Speaking on the podcast How To Survive The Apocalypse, futurist Mark Stevenson argued that the pandemic was “quite well timed, in a way,” because it gives us time to think about building a better world than this one.
“(A) lot of people have suddenly started (saying): … when the rickety house starts to burn down, you don’t want to go and rebuild the same rickety house,” he said.
“This gives us a bit of a pause to… rethink where we are going.”
Three: Happier Ever After?
One way of rebuilding the house might be – finally – to ditch our emphasis on constantly growing the economy and start doing things that make us all happier and healthier instead.
It’s something I’ve banged on about before – mainly when endorsing the former Democratic candidate for US President, Andrew Yang.
Yang wants to ditch Gross Domestic Product as a measure of progress and replace it with happiness and environmental indicators.
“(W)hen you say: ‘What do the jobs of the future look like?’, it could be that 20 years from now, it’s very normal to work in a job that just helps make other people stronger, healthier, mentally healthier, helps clean our environment,” he said on the H3 Podcast last year.
Ideas like Yang’s have now moved into the mainstream, with a UK poll saying most of us want to prioritise health and wellbeing over economic growth, both now and in the future.
And on Thursdays, when we clap our carers, we’re agreeing with Yang’s view that key worker roles shouldn’t just be jobs that “pay shitty and… no one respects”.
All of us are going to be re-assessing our priorities.”
According to another futurist, Ed Gillespie, many of us are wondering how we can create new jobs that better support the community values we’ve rediscovered since March.
“All of us are going to be sitting at home for twelve weeks… very much re-assessing our priorities, he said.
“Eighty-five per cent of us… don’t like the work we do (so)…I think you’ve got to give (people) purpose and meaning…. that’s one of the reasons why… in this situation, we’ve seen this massive response to volunteering for the NHS…
“Suddenly, when the wheels come off, you realise that… the things that genuinely make you happy are hopefully spending time with your family… connecting with your neighbours (and)… realising that there’s a purpose and meaning behind a lot of that.”
“This time, we’re all in it together”
Of course, all this discussion about a better world could just be a passing phase, when we say we want change but don’t follow through.
Remember when we all got a bit hysterical about Diana’s death in 1997, or wore wristbands and promised to End World Poverty in 2005? Mmm…
It’ll be more difficult to concentrate on changing the world when we’re back at our meaningless jobs, and the bosses are cracking the whip – and, anyway, I don’t trust the Tories to carry on doing the right things for much longer.
They’re already talking about ending the furlough system, risking a deepening of recession by putting millions out of work, as well as potentially starting a second wave of infection with their hasty re-opening of the economy.
But maybe, in the longer term, we’ll be able to make a better world because of Coronavirus.

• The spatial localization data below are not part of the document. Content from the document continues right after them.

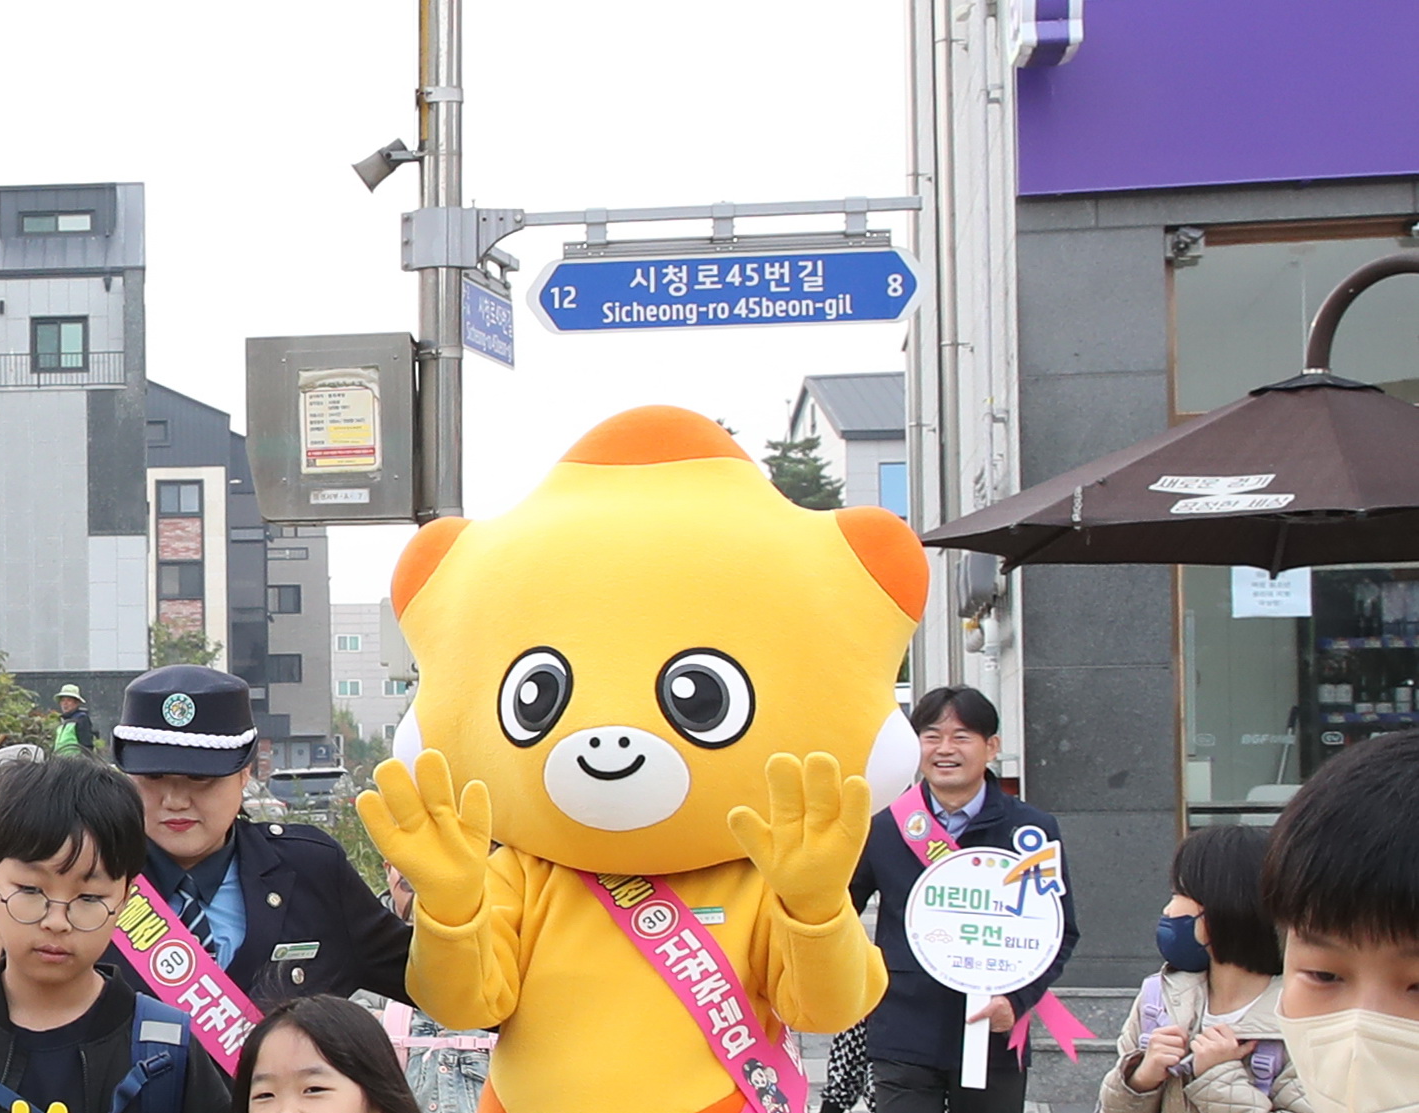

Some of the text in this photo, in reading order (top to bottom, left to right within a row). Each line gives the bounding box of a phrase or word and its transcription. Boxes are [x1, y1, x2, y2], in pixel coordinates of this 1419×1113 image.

[629, 260, 824, 298] 시청로45번길
[886, 273, 904, 297] 8
[550, 286, 578, 309] 12
[602, 294, 853, 325] Sicheong-ro 45beon-gil
[924, 885, 1003, 912] 어린이가
[642, 909, 668, 930] 30
[959, 923, 1040, 950] 우선입니다
[160, 951, 185, 975] 30
[654, 928, 758, 1061] 지켜주세요
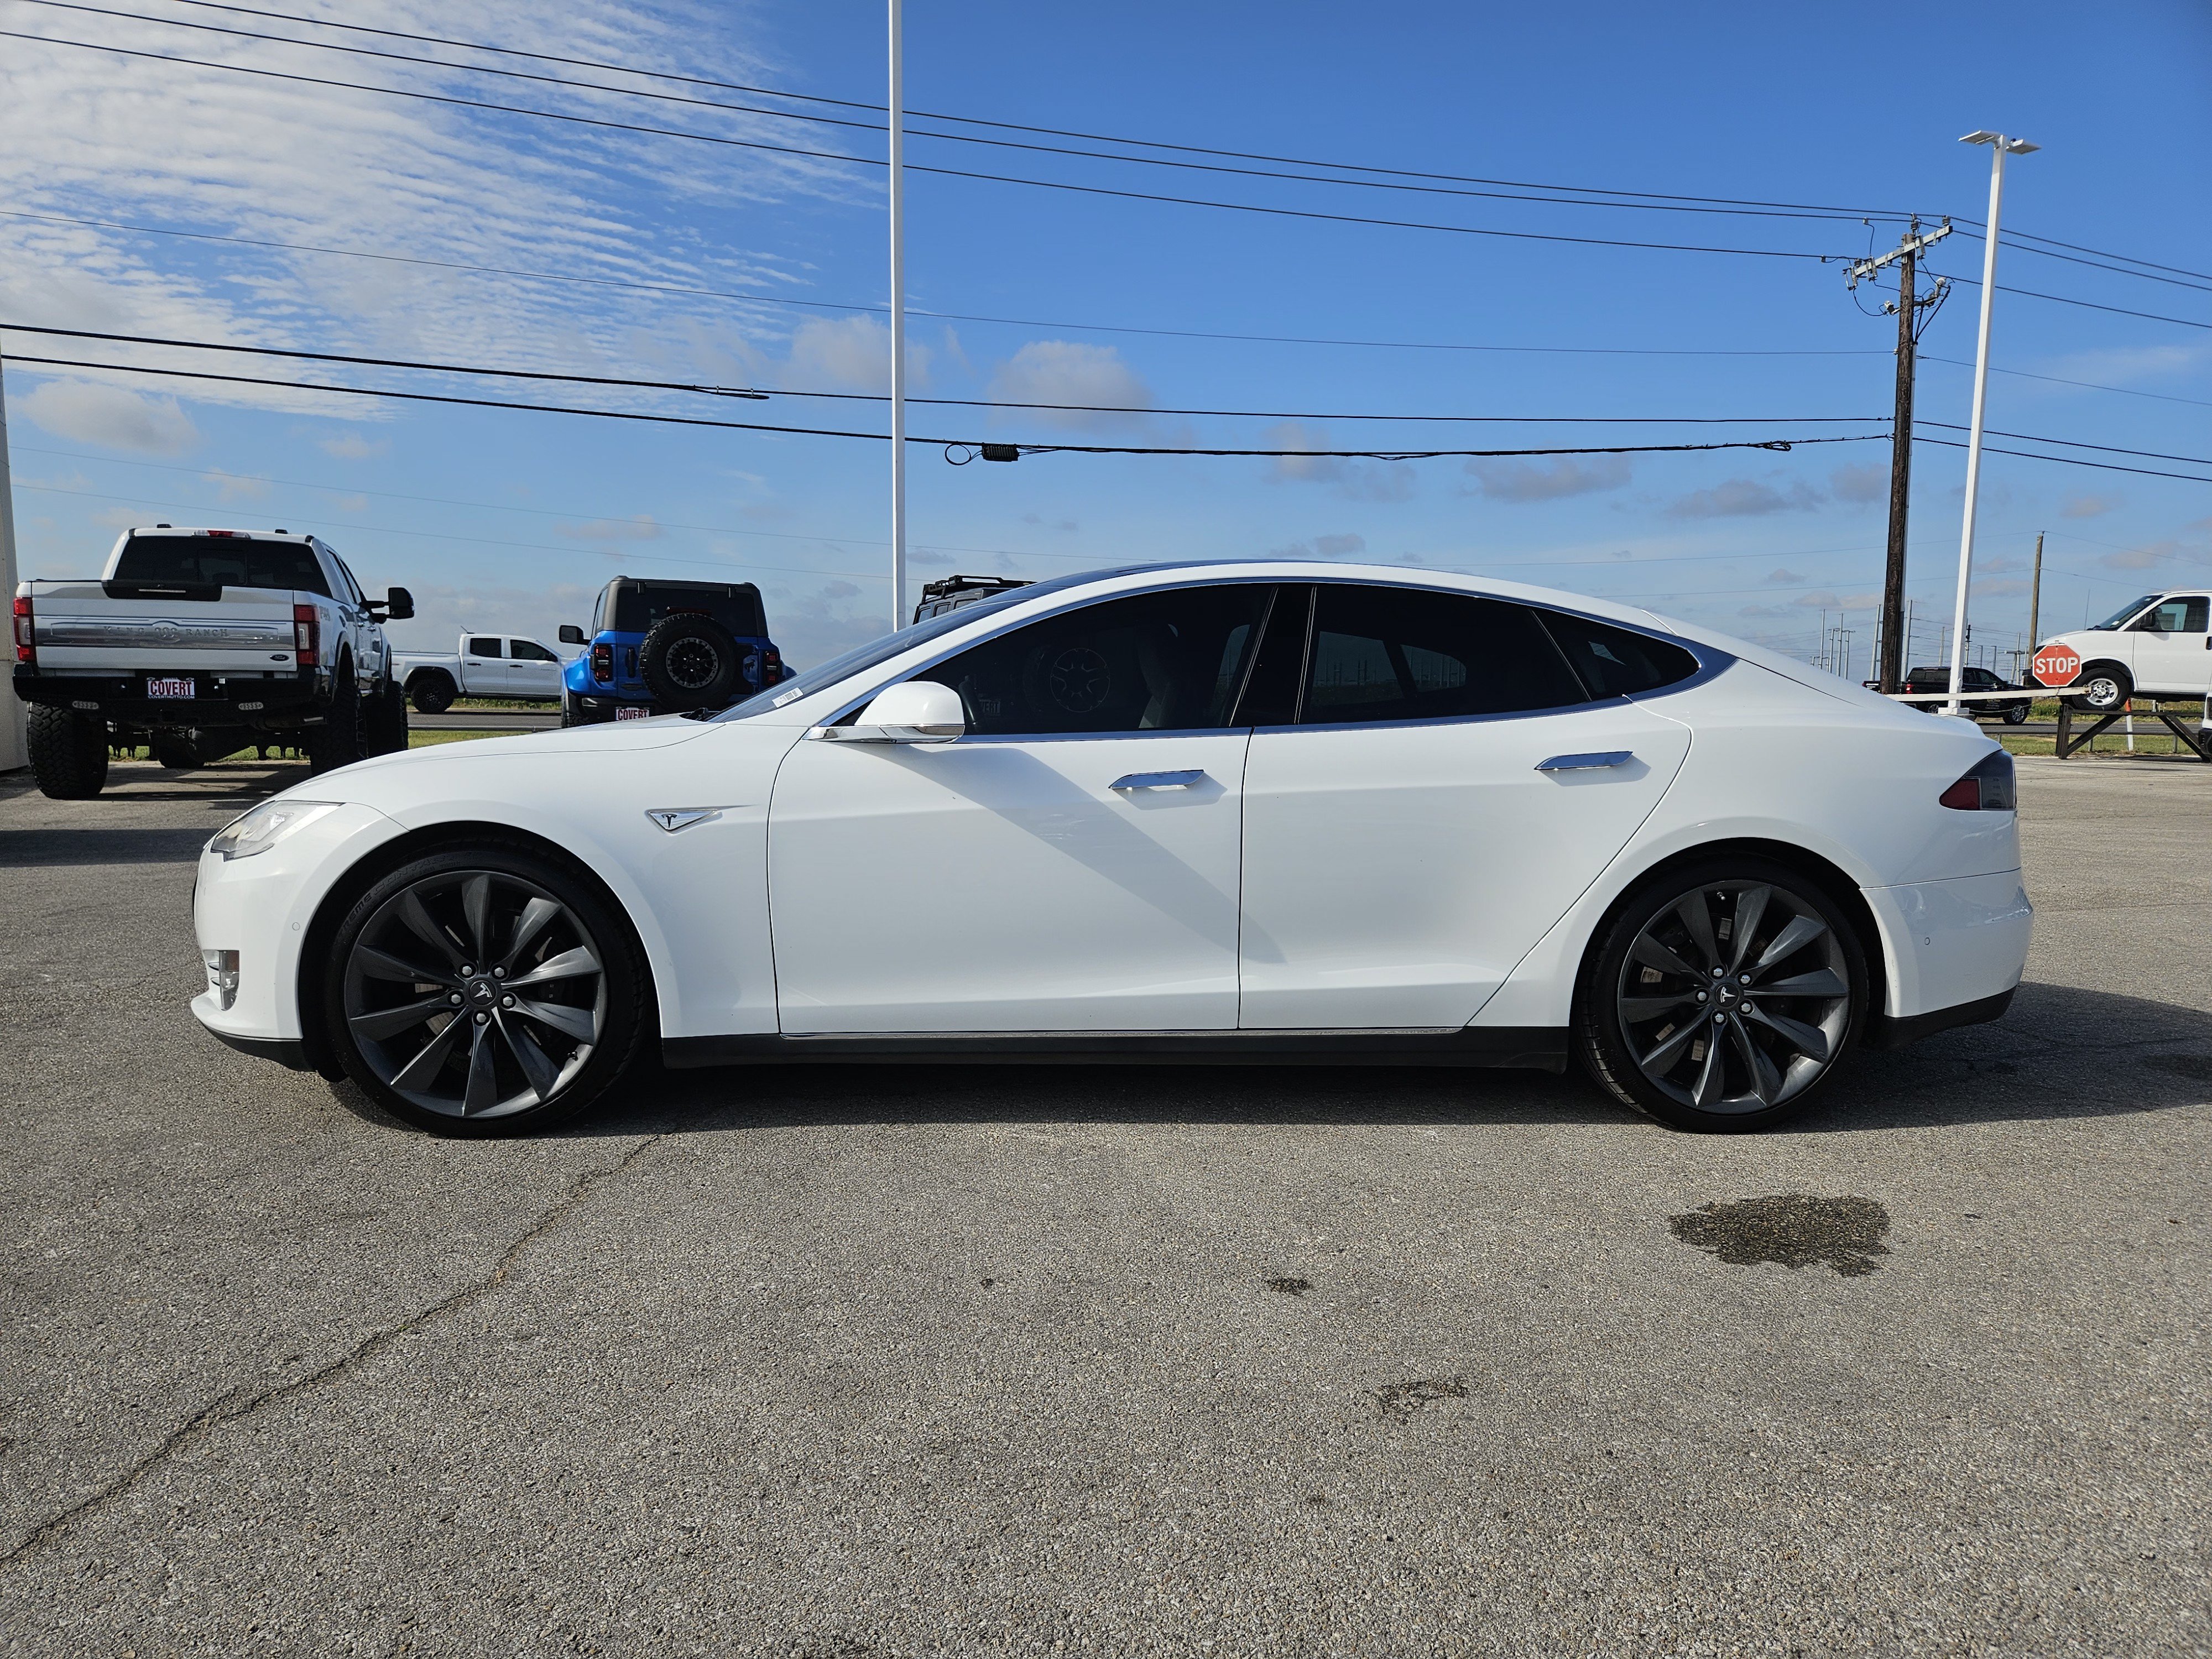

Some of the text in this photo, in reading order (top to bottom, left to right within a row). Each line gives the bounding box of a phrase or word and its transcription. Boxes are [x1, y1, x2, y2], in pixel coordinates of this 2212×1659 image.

[103, 625, 228, 637] KING RANCH
[2036, 657, 2078, 674] STOP
[150, 681, 192, 695] COVERT
[618, 709, 648, 721] COVERT

Although he warns that “the next 30 years are going to be quite messy as we move from the old world to the new one,” Stevenson feels the depth – and breadth – of feeling unleashed by the pandemic means we could see real change, for once.
‘’(T)his time, people are dying. This time, you’re feeling it yourself,” he says.
“… it doesn’t matter whether you’re a hedge fund manager or a shop owner, you’re pretty much feeling… the same thing: we’re all in it together.”